# What to do:
Would you reproduce the listing exactly, leaving nothing out?

# Recorded information:
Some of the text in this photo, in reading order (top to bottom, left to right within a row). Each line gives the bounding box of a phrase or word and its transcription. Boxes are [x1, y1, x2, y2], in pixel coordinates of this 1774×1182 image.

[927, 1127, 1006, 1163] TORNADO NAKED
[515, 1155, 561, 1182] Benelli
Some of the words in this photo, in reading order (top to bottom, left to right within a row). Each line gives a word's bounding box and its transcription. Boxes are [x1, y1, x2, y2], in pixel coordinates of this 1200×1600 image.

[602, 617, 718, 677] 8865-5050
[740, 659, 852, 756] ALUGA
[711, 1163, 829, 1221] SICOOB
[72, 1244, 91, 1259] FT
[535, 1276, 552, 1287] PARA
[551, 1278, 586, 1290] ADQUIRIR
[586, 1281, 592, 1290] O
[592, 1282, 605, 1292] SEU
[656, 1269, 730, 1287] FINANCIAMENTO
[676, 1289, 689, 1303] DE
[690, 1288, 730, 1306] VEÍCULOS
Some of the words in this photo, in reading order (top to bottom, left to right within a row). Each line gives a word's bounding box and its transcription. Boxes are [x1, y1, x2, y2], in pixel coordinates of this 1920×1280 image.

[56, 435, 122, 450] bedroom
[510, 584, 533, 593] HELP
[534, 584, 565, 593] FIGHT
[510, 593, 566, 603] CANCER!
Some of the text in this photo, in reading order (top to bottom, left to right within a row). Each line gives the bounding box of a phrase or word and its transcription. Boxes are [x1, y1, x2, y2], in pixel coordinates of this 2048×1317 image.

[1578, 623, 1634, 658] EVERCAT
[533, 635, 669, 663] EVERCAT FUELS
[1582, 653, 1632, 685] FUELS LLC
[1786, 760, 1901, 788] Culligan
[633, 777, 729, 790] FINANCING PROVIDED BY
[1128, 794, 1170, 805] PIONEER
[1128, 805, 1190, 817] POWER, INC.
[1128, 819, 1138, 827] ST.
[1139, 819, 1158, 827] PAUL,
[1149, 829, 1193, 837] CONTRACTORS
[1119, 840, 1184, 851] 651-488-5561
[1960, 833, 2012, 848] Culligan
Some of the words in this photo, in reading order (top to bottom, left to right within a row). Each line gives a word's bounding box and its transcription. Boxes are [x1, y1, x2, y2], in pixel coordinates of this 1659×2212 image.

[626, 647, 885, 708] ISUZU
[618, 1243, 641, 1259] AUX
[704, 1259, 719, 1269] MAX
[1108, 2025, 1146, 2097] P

# Solution to the problem:
Some of the text in this photo, in reading order (top to bottom, left to right within a row). Each line gives the bounding box of a phrase or word and its transcription. Boxes are [x1, y1, x2, y2], in pixel coordinates of this 1774×1182 image.

[927, 1127, 1006, 1163] TORNADO NAKED
[515, 1155, 561, 1182] Benelli
Some of the words in this photo, in reading order (top to bottom, left to right within a row). Each line gives a word's bounding box and its transcription. Boxes are [x1, y1, x2, y2], in pixel coordinates of this 1200×1600 image.

[602, 617, 718, 677] 8865-5050
[740, 659, 852, 756] ALUGA
[711, 1163, 829, 1221] SICOOB
[72, 1244, 91, 1259] FT
[535, 1276, 552, 1287] PARA
[551, 1278, 586, 1290] ADQUIRIR
[586, 1281, 592, 1290] O
[592, 1282, 605, 1292] SEU
[656, 1269, 730, 1287] FINANCIAMENTO
[676, 1289, 689, 1303] DE
[690, 1288, 730, 1306] VEÍCULOS
Some of the words in this photo, in reading order (top to bottom, left to right within a row). Each line gives a word's bounding box and its transcription. Boxes are [x1, y1, x2, y2], in pixel coordinates of this 1920×1280 image.

[56, 435, 122, 450] bedroom
[510, 584, 533, 593] HELP
[534, 584, 565, 593] FIGHT
[510, 593, 566, 603] CANCER!
Some of the text in this photo, in reading order (top to bottom, left to right within a row). Each line gives the bounding box of a phrase or word and its transcription. Boxes are [x1, y1, x2, y2], in pixel coordinates of this 2048×1317 image.

[1578, 623, 1634, 658] EVERCAT
[533, 635, 669, 663] EVERCAT FUELS
[1582, 653, 1632, 685] FUELS LLC
[1786, 760, 1901, 788] Culligan
[633, 777, 729, 790] FINANCING PROVIDED BY
[1128, 794, 1170, 805] PIONEER
[1128, 805, 1190, 817] POWER, INC.
[1128, 819, 1138, 827] ST.
[1139, 819, 1158, 827] PAUL,
[1149, 829, 1193, 837] CONTRACTORS
[1119, 840, 1184, 851] 651-488-5561
[1960, 833, 2012, 848] Culligan
Some of the words in this photo, in reading order (top to bottom, left to right within a row). Each line gives a word's bounding box and its transcription. Boxes are [x1, y1, x2, y2], in pixel coordinates of this 1659×2212 image.

[626, 647, 885, 708] ISUZU
[618, 1243, 641, 1259] AUX
[704, 1259, 719, 1269] MAX
[1108, 2025, 1146, 2097] P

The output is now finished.